Hacker Newsnew | past | comments | ask | show | jobs | submitlogin

> PPS: In theory GNU Coreutils is portable and you might find it on any Unix. In practice I believe it's only really used on Linux.

Oh how times have changed:) But even with the demise of most commercial unixen, I was under the impression that Darwin preserved the ancient tradition of installing the system and then immediately replacing its coreutils with GNU?

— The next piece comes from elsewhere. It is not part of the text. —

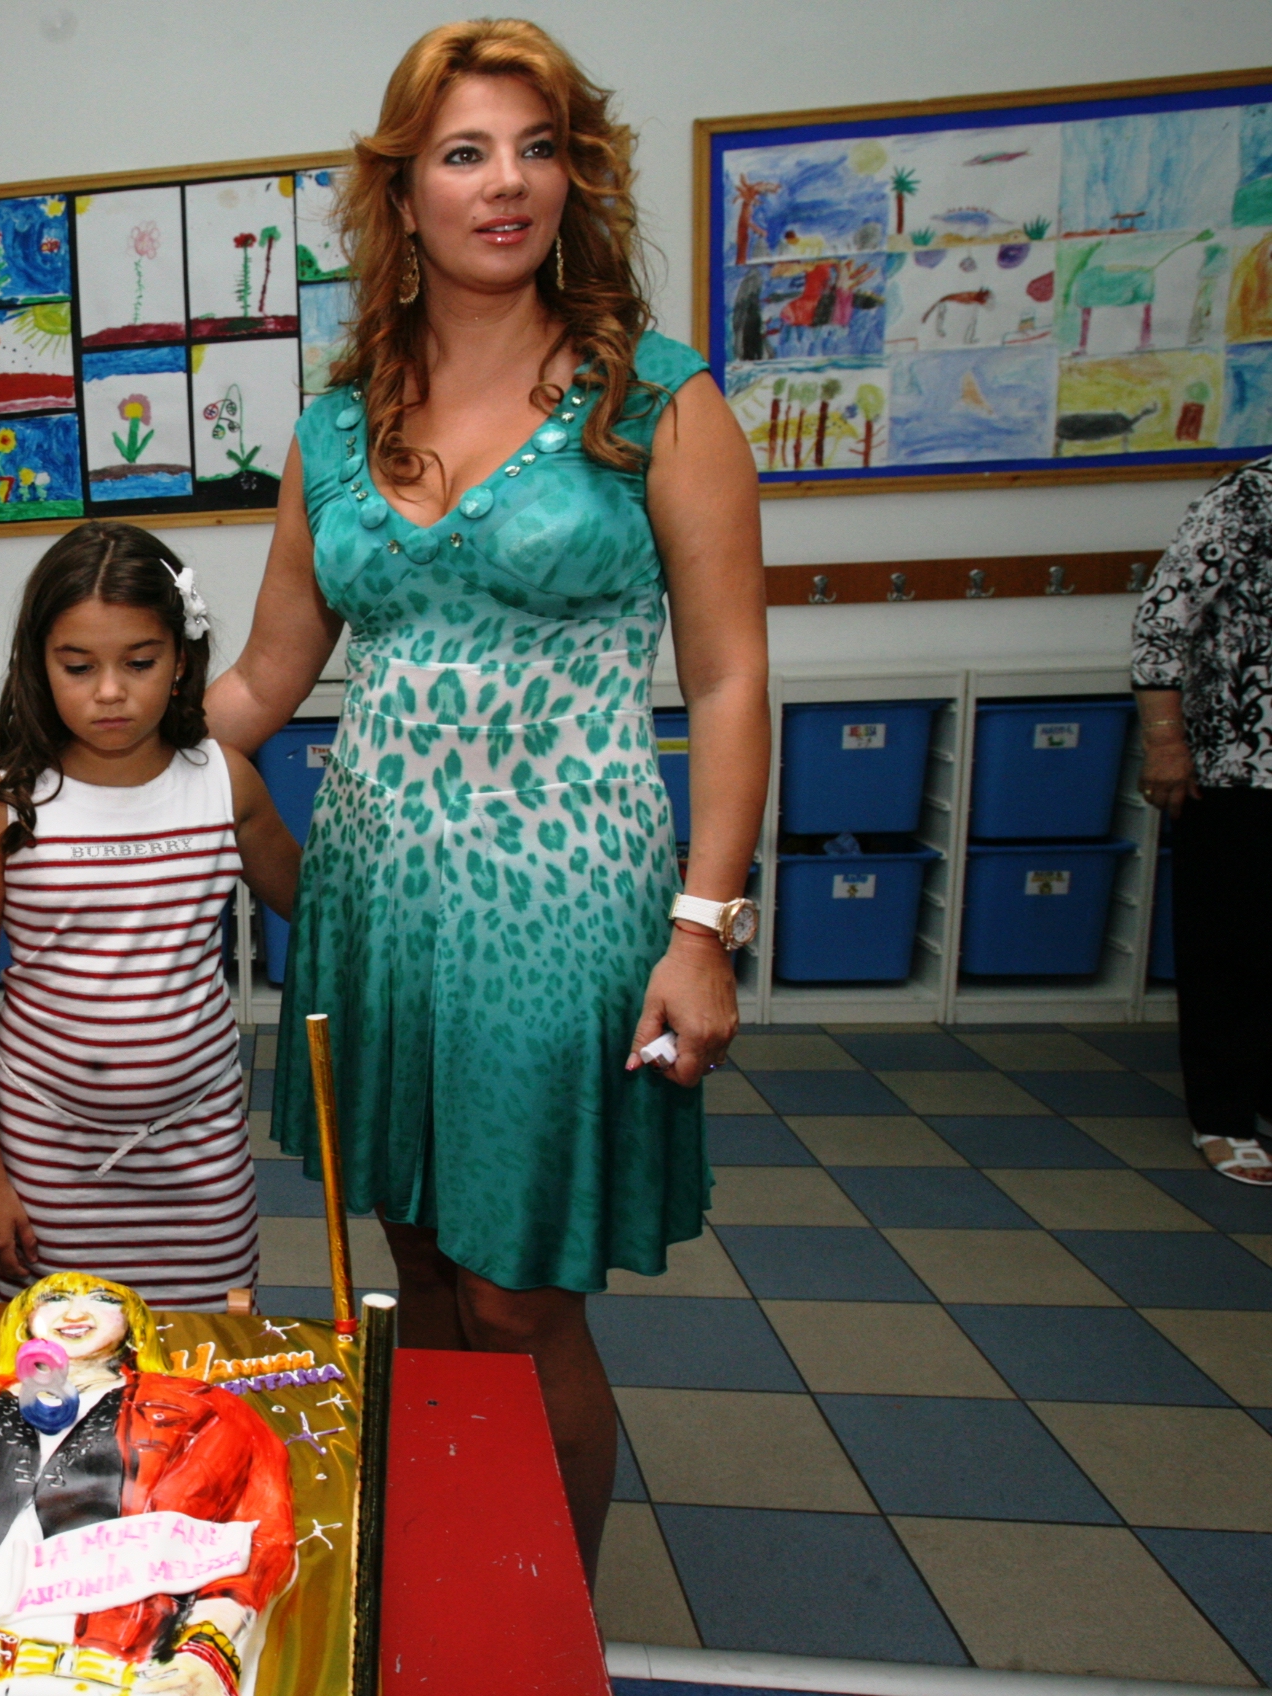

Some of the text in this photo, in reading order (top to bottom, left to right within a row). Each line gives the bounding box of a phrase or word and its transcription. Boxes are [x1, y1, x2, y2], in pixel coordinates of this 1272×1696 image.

[70, 837, 194, 859] BURBERRY
[215, 1364, 346, 1396] ONTANA
[34, 1536, 69, 1568] LA

Darwin's coreutils are mainly updated from FreeBSD I think. They've got some gnu stuff, but it hasn't been updated since gnu switched to GPLv3.


Right; the coreutils built in to Darwin are BSD-derived, I was referring to a user installing the GNU versions over top of the OS proper.


I bet many of us do this due to small differences between BSD and GNU coreutils. One that always gets me is:

  sed -i '' 's/foo/bar/g'  # BSD sed
  sed -i 's/foo/bar/g'     # GNU sed


That is indeed an incredibly frustrating difference, because there is no version of it that works on both GNU and macOS. In practice I often end up using perl to do an in-place search-replace instead.


It takes a second to install gnu coreutils with homebrew and make Macs barely useable


I much prefer Linux but having used Macs a few times for work, I absolutely cannot recommend making GNU coreutils the default option on Macs.

If you make GNU coreutils the first binaries in PATH, you can expect subtle, _very nasty_ issues.

The last one I encountered was `hostname` taking something like 5 seconds to run. Before that, there was some bug with GNU’s stty which I don’t remember the specifics of.


Or just use Perl


As long as you're using stone knives, might as well throw in some bear skins.

https://www.youtube.com/watch?v=F226oWBHvvI


Fun! But honestly there's a place for Perl.

There's far less variance between Perls on different systems than there are for sed/awk/shell. So if you want performant portable code, Perl does better than all of those.

I'd never use Perl for a 'big' program these days but it still beats the crap out of the mess of sed/awk/bash/ksh/zsh.


Apple has been threatening to remove perl for ages. One of these days they'll find the "courage" to do so and we'll need a better strategy.


FreeBSD removed Perl from base ages ago, in FreeBSD 5 or 6. That went alright.

I don't even have it on my Linux system any more; for better or worse, fewer and fewer things use it.


But "sed -i'' s/../../ FILE" will work on both, no? Or -i.orig if you want to keep a backup file?


That does not work on macOS. "-i''" is the same as just a bare "-i", and it will then interpret the next argument as the backup suffix.


Oops yes, that should have been -i '' with a space. But I see now that GNU doesn't accept -i '', or even -i .orig. It MUST be without a space: "-i.orig". The reason for that I assume is there's no way to disambiguate:

  echo foo | sed -i pattern
  echo foo | sed -i .orig
But you can still use "-i.orig"; that should work on both. That will leave you with a .orig file to clean up, but arguably that's not a bad thing as -i can clobber files.


Yes, like I did first with homebrew and now with nix.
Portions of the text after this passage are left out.